Genetic counseling for lysosomal diseases US Medical PG Question 10: A 75-year-old Caucasian man presents to the emergency department with abdominal pain. The patient states he was at home eating dinner when he began to experience severe abdominal pain. The patient has a past medical history of diabetes, hypertension, and atherosclerosis. He lives at home alone, smokes cigarettes, and drinks 1 to 2 alcoholic drinks per day. The patient is given IV morphine and an ultrasound is obtained demonstrating a dilated abdominal aorta. The patient states that his father died of a similar finding and is concerned about his prognosis. Which of the following is the greatest risk factor for this patient's presentation?
- A. Male gender and age
- B. Caucasian race
- C. Cigarette smoking (Correct Answer)
- D. Family history
- E. Atherosclerosis
Genetic counseling for lysosomal diseases Explanation: ***Cigarette smoking***
- **Cigarette smoking** is the most significant modifiable risk factor for the development and expansion of **abdominal aortic aneurysms (AAAs)**, directly contributing to vascular inflammation and degradation.
- The patient's history of smoking suggests a strong causal link to his current presentation of a dilated aorta, which is highly indicative of an AAA.
*Male gender and age*
- While **male gender** and **advanced age (over 65)** are significant demographic risk factors for AAA, they are considered non-modifiable and less impactful than smoking in terms of risk magnitude.
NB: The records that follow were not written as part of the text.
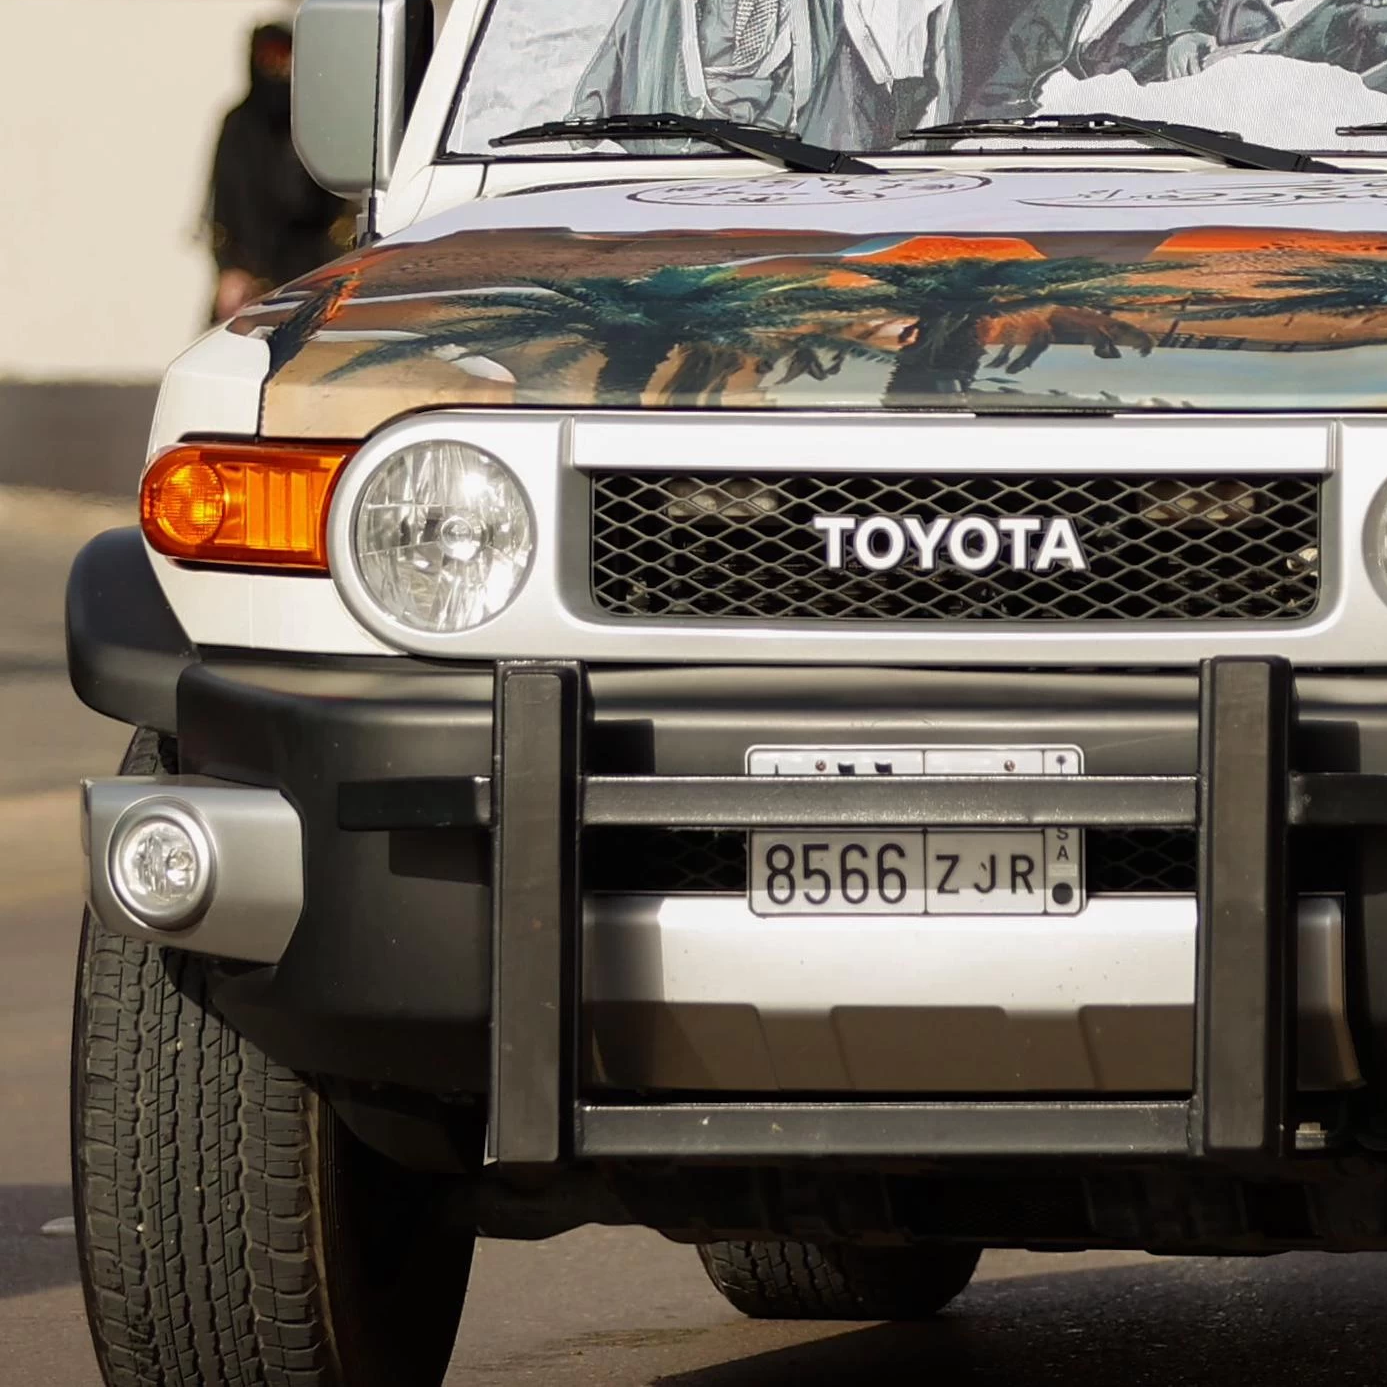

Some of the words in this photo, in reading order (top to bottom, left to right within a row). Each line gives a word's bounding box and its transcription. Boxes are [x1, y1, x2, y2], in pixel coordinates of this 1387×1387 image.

[812, 515, 1090, 571] TOYOTA
[1055, 826, 1070, 862] SA
[765, 842, 908, 905] 8566
[935, 853, 1036, 895] ZJR
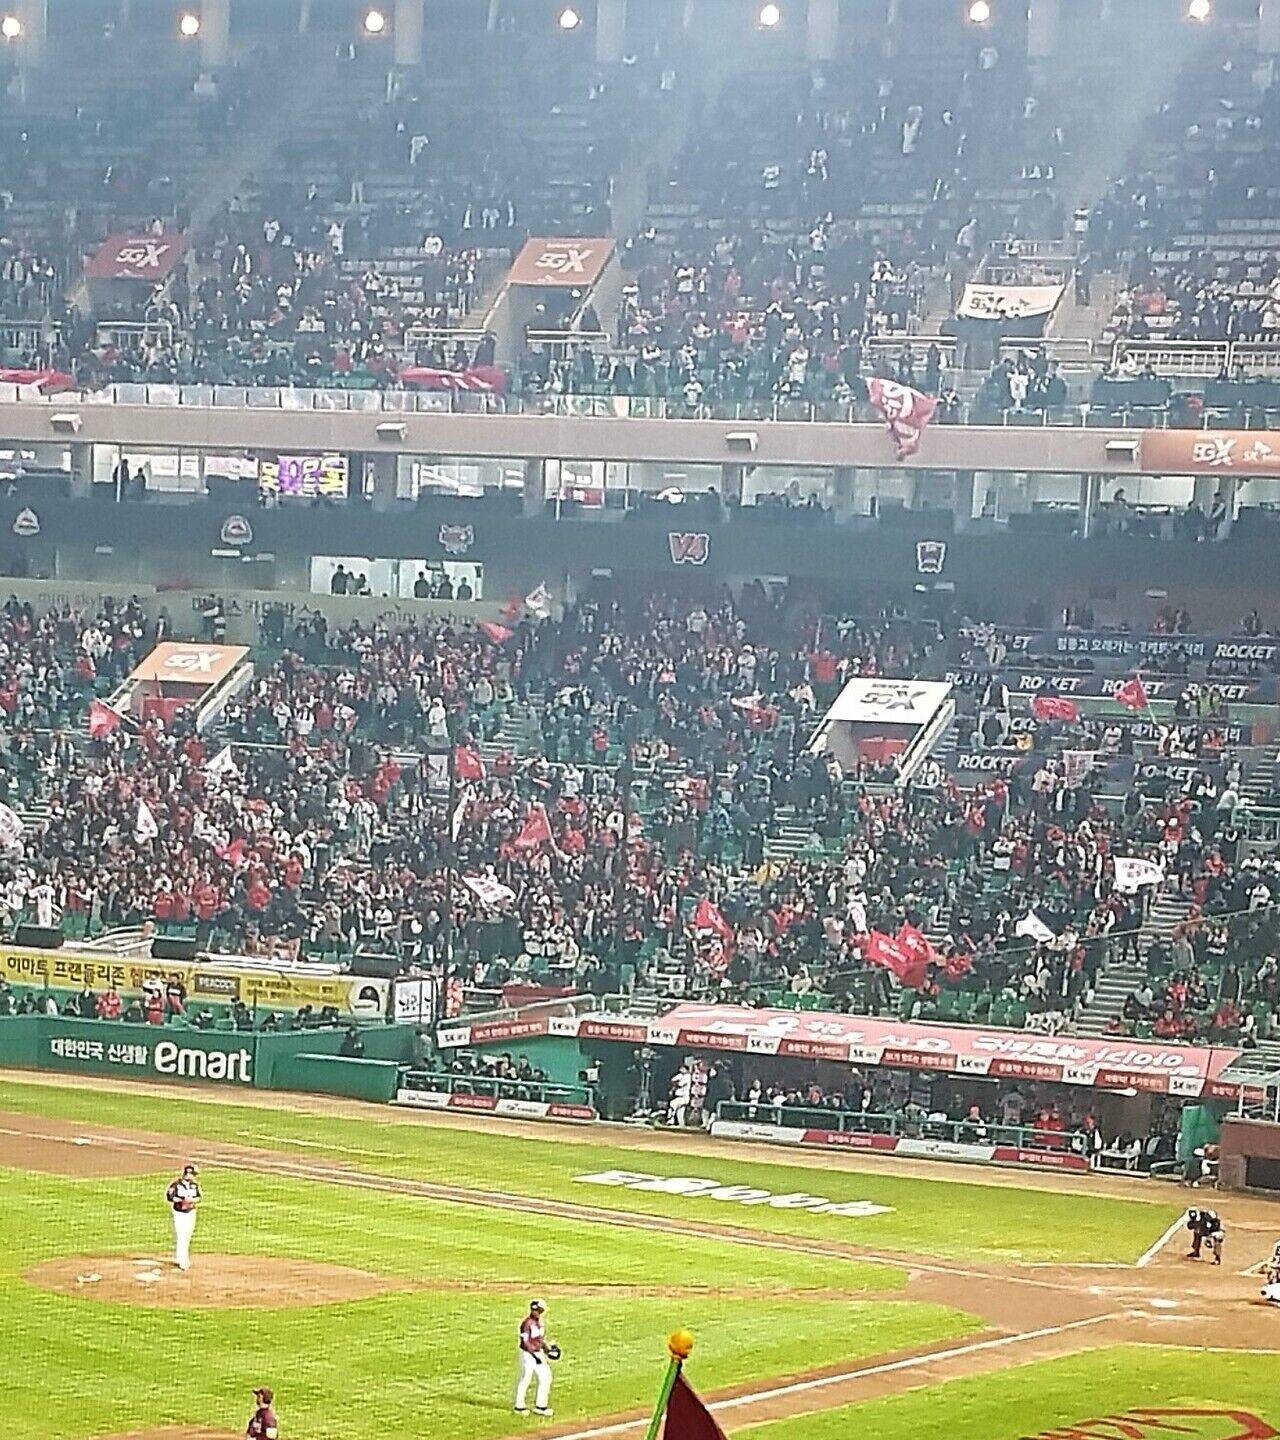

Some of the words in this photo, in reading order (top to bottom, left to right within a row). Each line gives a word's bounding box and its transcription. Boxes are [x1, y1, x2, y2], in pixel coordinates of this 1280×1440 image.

- These factors increase predisposition but do not exert the same direct, damaging effect on the arterial wall as chronic smoking.
*Caucasian race*
- **Caucasian race** is a known demographic risk factor for AAA, with higher prevalence rates compared to other ethnic groups.
- However, this is a non-modifiable genetic predisposition and contributes less to the overall risk than modifiable lifestyle factors like smoking.
*Family history*
- A **family history** of AAA, as suggested by the patient's father having a similar condition, increases an individual's susceptibility.
- This is a significant non-modifiable risk factor, indicating genetic predisposition, but its overall impact on aneurysm formation and progression is typically less than that of active smoking.
*Atherosclerosis*
- **Atherosclerosis** is a strong associated condition with AAA, as both share common risk factors and pathology related to arterial wall degeneration.
- While atherosclerosis contributes to the overall vascular compromise, smoking specifically has a more direct and potent effect on promoting aneurysm formation and rupture independently.